A bigger brain may not be best after all. Mammals that possess a large brain are often smarter, but they also have a greater chance of becoming extinct. A large brain needs an efficient blood supply, which in turn requires a lot of energy. In the latest study, Eric Abelson, a Stanford University researcher, found a connection between larger brains and the risk of extinction.
Abelson analyzed museum samples of over 1,650 animals from 160 different species in the Americas, where he measured the skulls and body sizes of animals that ranged from as small as rodents to as massive as buffaloes. These creatures did not include aquatic animals. Abelson then checked these animals' status on the International Union for Conservation of Nature's global endangered species list. He also examined second batch of data of over 600 species of animals worldwide.
Abelson detected a pattern, which indicated that animals with larger brains were more at risk of becoming extinct. Abelson found that in the Americas, the link was even higher for strong animals with a large brain relative to their body size.
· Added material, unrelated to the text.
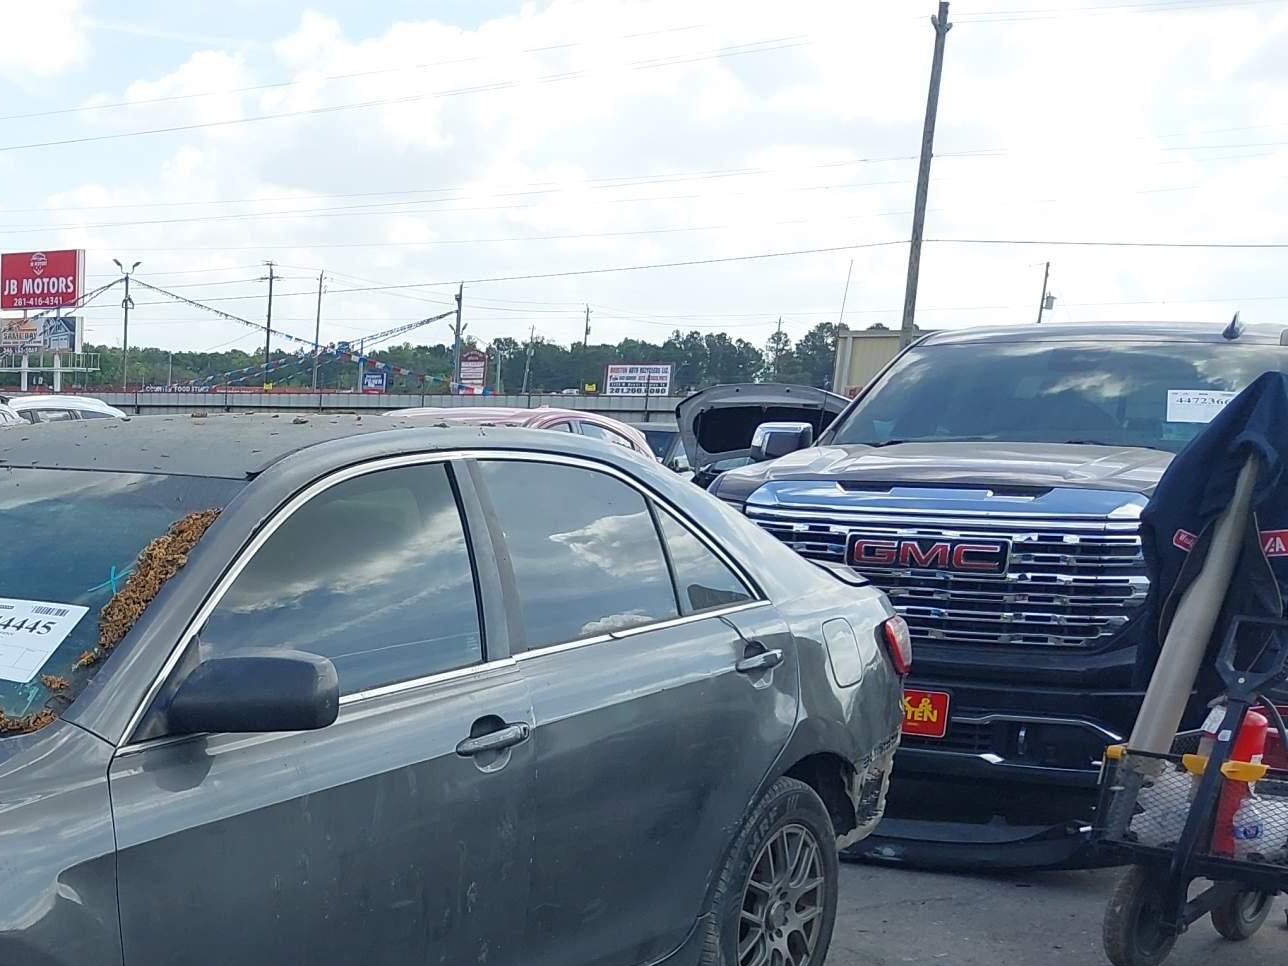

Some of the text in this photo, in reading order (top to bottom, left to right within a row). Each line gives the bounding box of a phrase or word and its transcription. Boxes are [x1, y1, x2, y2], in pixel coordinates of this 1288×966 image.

"This likely represents a case of endangerment filtering," Abelson said in a news release. "Species in North America have gone through a period where large-bodied species had suffered large population losses."
Some of these large-bodied animals are already extinct or they are classified as endangered, according to Abelson. He claimed that additional research needs to be conducted on brain and body size, in order for scientists to make predictions on extinction.
The findings of this study were published in the Proceedings of the Royal Society B: Biological Sciences.